Der 1. FC Union gedenkt seiner verstorbenen Fans mit einem festen Ritual. Auch Hertha will nun Strukturen und Angebote für Trauernde etablieren.

Das Bild zeigt eine Gedenkaktion von Union Berlin für verstorbene Fans anlässlich des Aufstiegs in die 1. Bundesliga

Gedenkaktion von Union Berlin für verstorbene Fans anlässlich des Aufstiegs in die 1. Bundesliga Foto: Matthias Koch/imago

Der FC Union Berlin, der sich, wie alle Fußballclubs, gern als unverwechselbar betrachtet, ist es in einer Hinsicht zweifellos: Schon seit vielen Jahren verzichtet der Verein in der Halbzeitpause auf Reklame und der Stadionsprecher verliest stattdessen Nachrufe auf verstorbene Fans. Das ist einzigartig.

Als vor dem diesjährigen Saisonstart ein langjähriger Anhänger starb, schrieb der Fanblog Textilvergehen daraufhin: „Spätestens in der Halbzeitpause (…) geht es um uns. Unsere Familie. Unseren Verein. Denn uns hat gestern Matti Mi­chal­ke nach schwerer Krankheit verlassen und ist jetzt bei all den anderen wunderbaren Menschen, die leider nicht mehr hier sind.“

Auch die Aktion „Endlich dabei“, die im August 2019 von der aktiven Fanszene organisiert wurde, fügt sich in das Bild eines Clubs, der mit dem Gedenken an Verstorbene einen besonderen Umgang sucht. Und das bereits seit Langem: So war das Stadion An der Alten Försterei in Köpenick voller als ausverkauft, bevor Union Berlin vor gut vier Jahren zum ersten Mal in seiner Geschichte Bundesligafußball spielte. Während der Vereinshymne vor dem Spiel hielten damals einige der 22.476 Stadionbesucher die Bilder von 455 verstorbenen Fans hoch, die ihren Verein nicht mehr in der höchsten Spielklasse erleben konnten.

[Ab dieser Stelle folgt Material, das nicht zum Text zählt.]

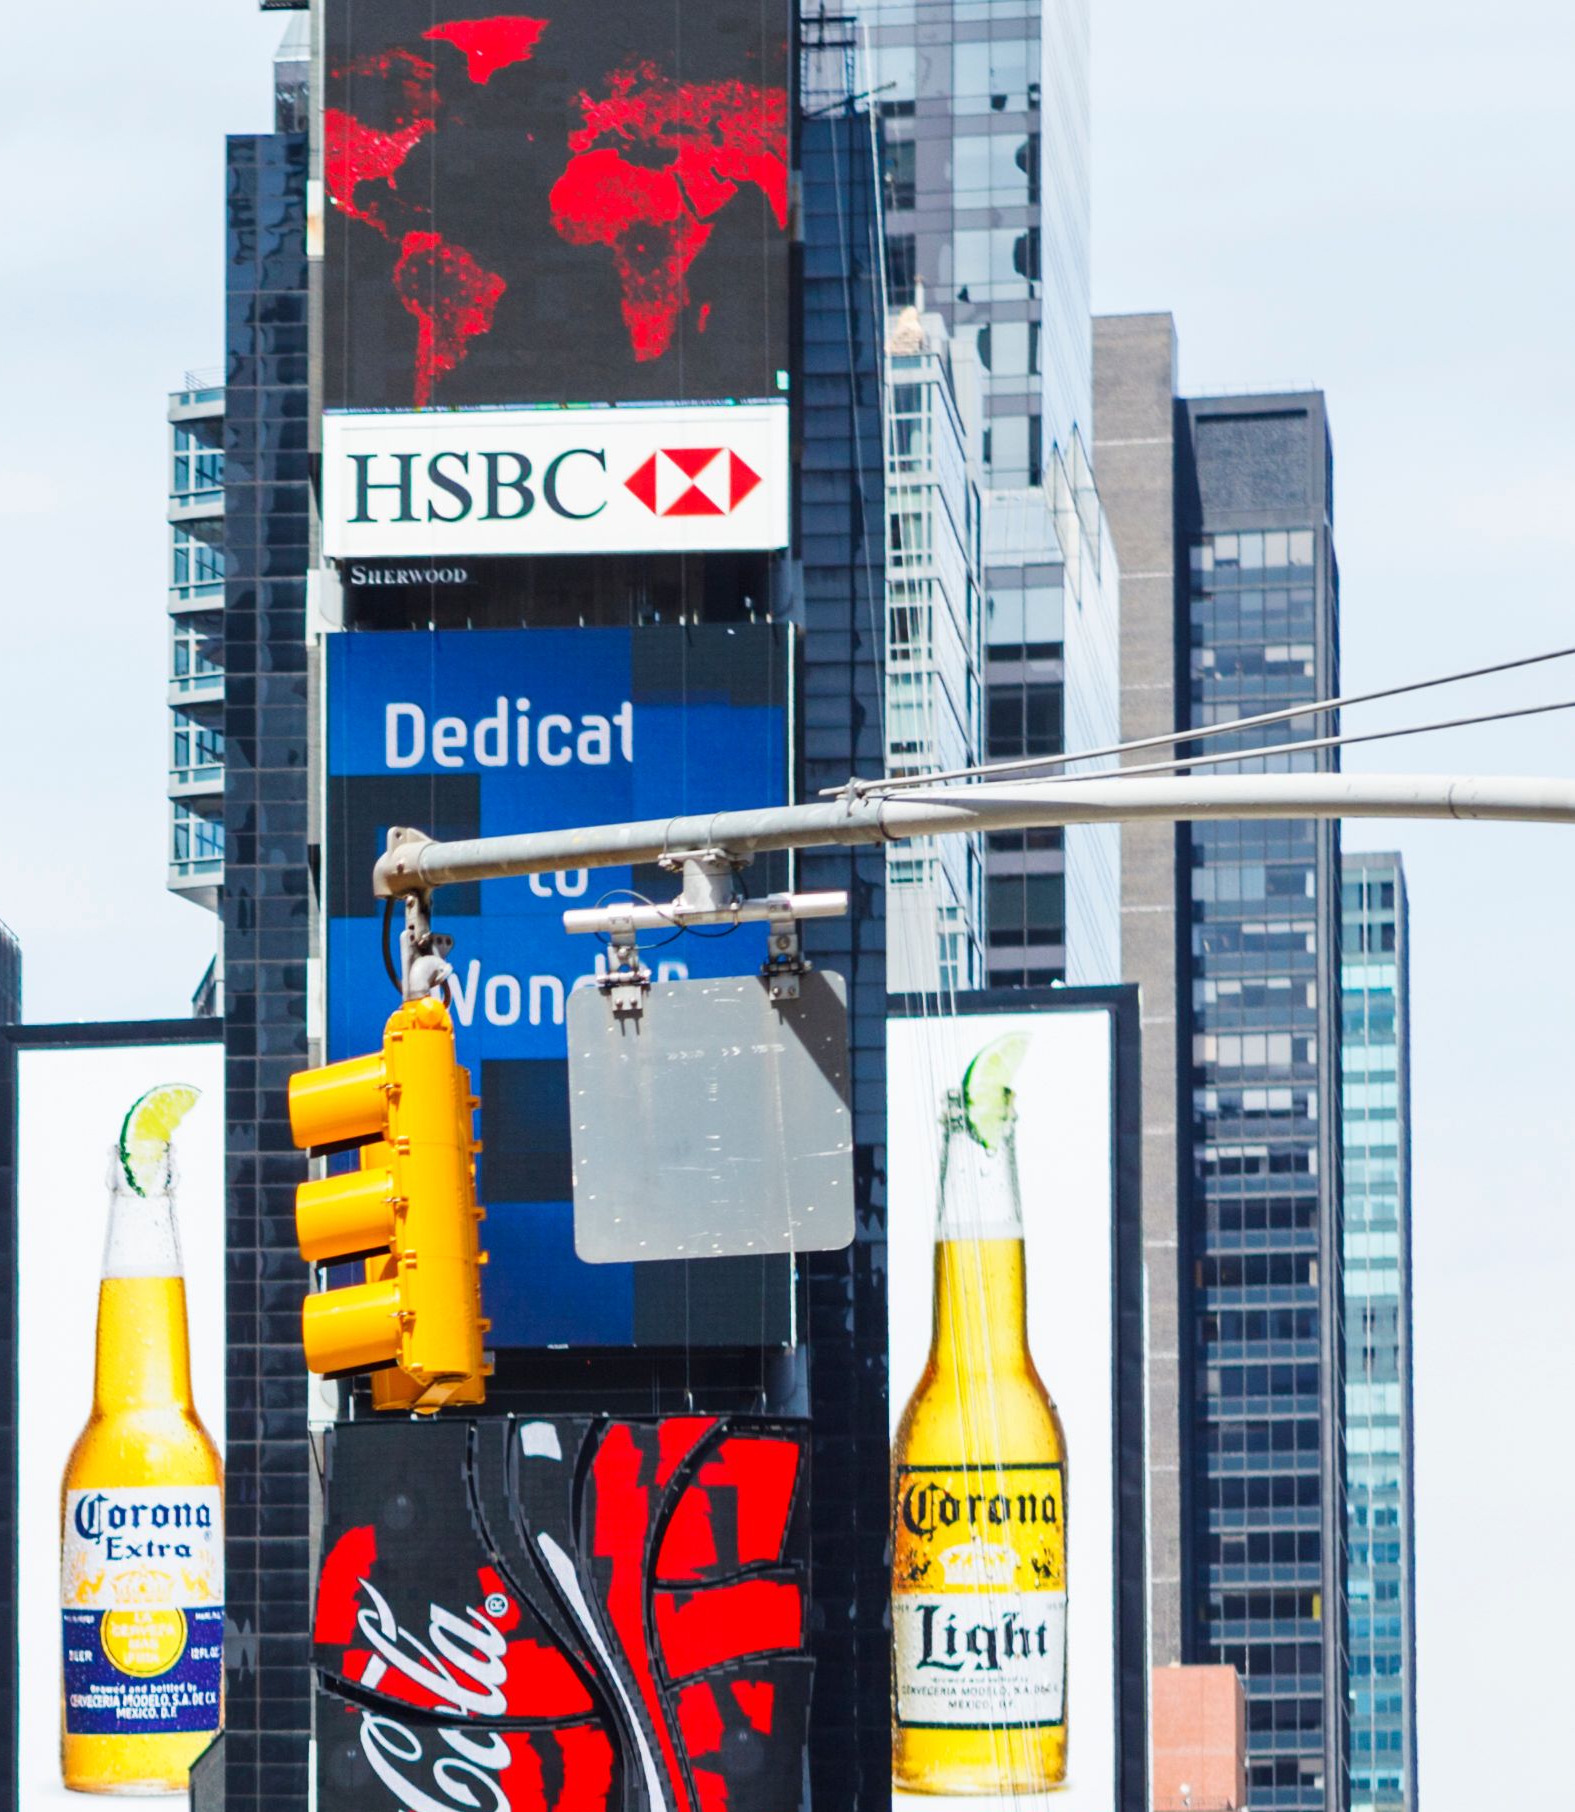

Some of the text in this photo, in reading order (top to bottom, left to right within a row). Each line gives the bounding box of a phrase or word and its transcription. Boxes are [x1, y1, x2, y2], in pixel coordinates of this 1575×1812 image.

[346, 447, 608, 523] HSBC
[350, 564, 468, 586] SHERWOOD
[383, 696, 634, 769] Dedicat
[74, 1493, 212, 1545] Corona
[902, 1480, 1058, 1542] Corona
[106, 1535, 192, 1562] Extra
[915, 1603, 1048, 1672] Light

Carmen Mayer ist selbstständige Trauerbegleiterin und hat vor fünf Jahren das Projekt „Trauer und Fußball“ initiiert. Seitdem publiziert, schult und spricht sie darüber, wie der Fußball und sein Umfeld beim Gedenken an Trauernde helfen können. „Trauer ist individuell verschieden, und Vereine sind individuell verschieden“, sagt die 49-jährige Dauerkartenbesitzerin bei Turbine Potsdam zur taz. Das Halbzeit-Ritual der Unioner sei deshalb nur ein Beispiel. „Das kann man übernehmen oder nicht.“

Fan-Sein ist mehr als Fußball-Gucken

Und doch ist es eine wertvolle Arbeit, die Union da leistet, findet Mayer. Dass der Verein in seinem Stadion überhaupt Strukturen und Raum für das Gedenken an verstorbene Fans geschaffen hat, ist außergewöhnlich. Dabei scheint es bei genauerer Betrachtung naheliegend. Denn Fußballfan zu sein bedeutet für Menschen oft mehr, als jedes Wochenende 90 Minuten lang 22 Männern oder Frauen beim Kicken zuzusehen.

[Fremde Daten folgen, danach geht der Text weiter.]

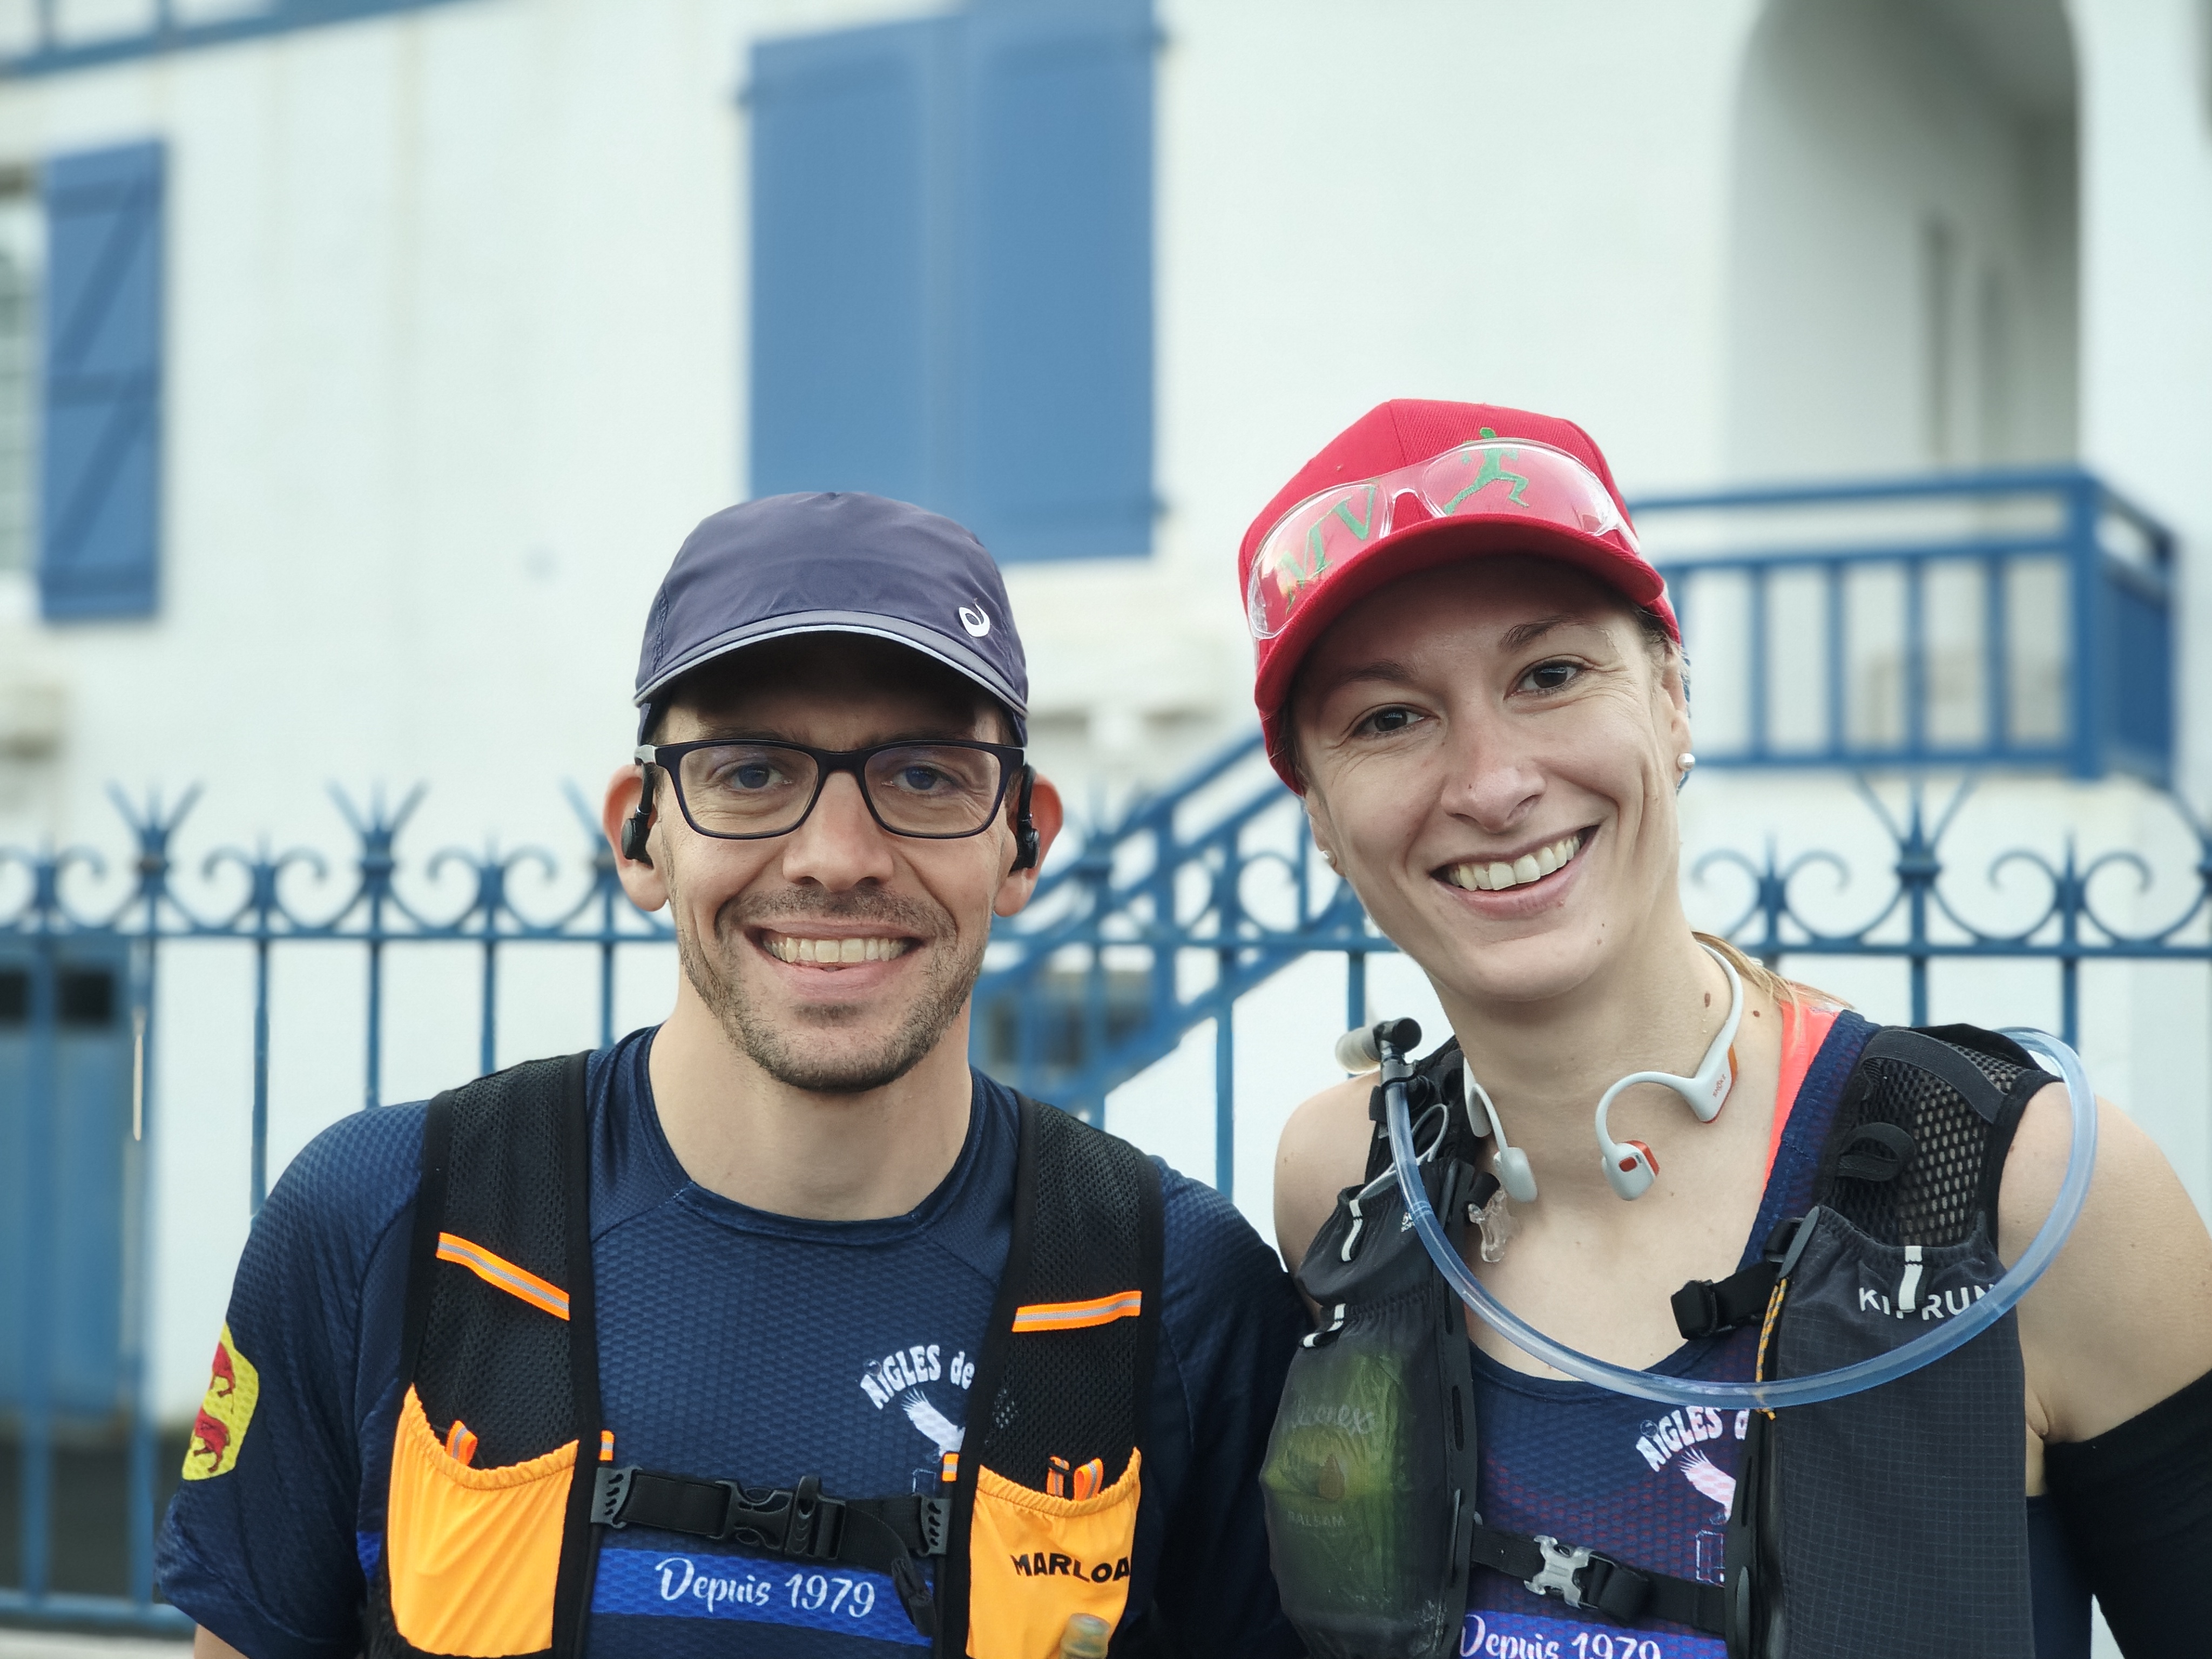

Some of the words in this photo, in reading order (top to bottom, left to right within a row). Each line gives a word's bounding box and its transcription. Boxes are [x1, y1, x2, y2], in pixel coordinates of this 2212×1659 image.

[1859, 1284, 1995, 1320] KIRU
[950, 1351, 975, 1390] de
[655, 1557, 772, 1614] Depuis
[785, 1574, 875, 1618] 1979
[1459, 1614, 1560, 1659] Depuis

Gerade diejenigen, die sich einem Club so sehr hingeben, dass sie ihm quer durch Deutschland oder um die ganze Welt folgen oder auch nur jedes Heimspiel besuchen, tun das für gewöhnlich nicht, weil sie so besessen nach dem Spiel auf dem Rasen wären. Sondern wegen der Gemeinschaft auf den Rängen, die Freude, Leid und Wut teilt.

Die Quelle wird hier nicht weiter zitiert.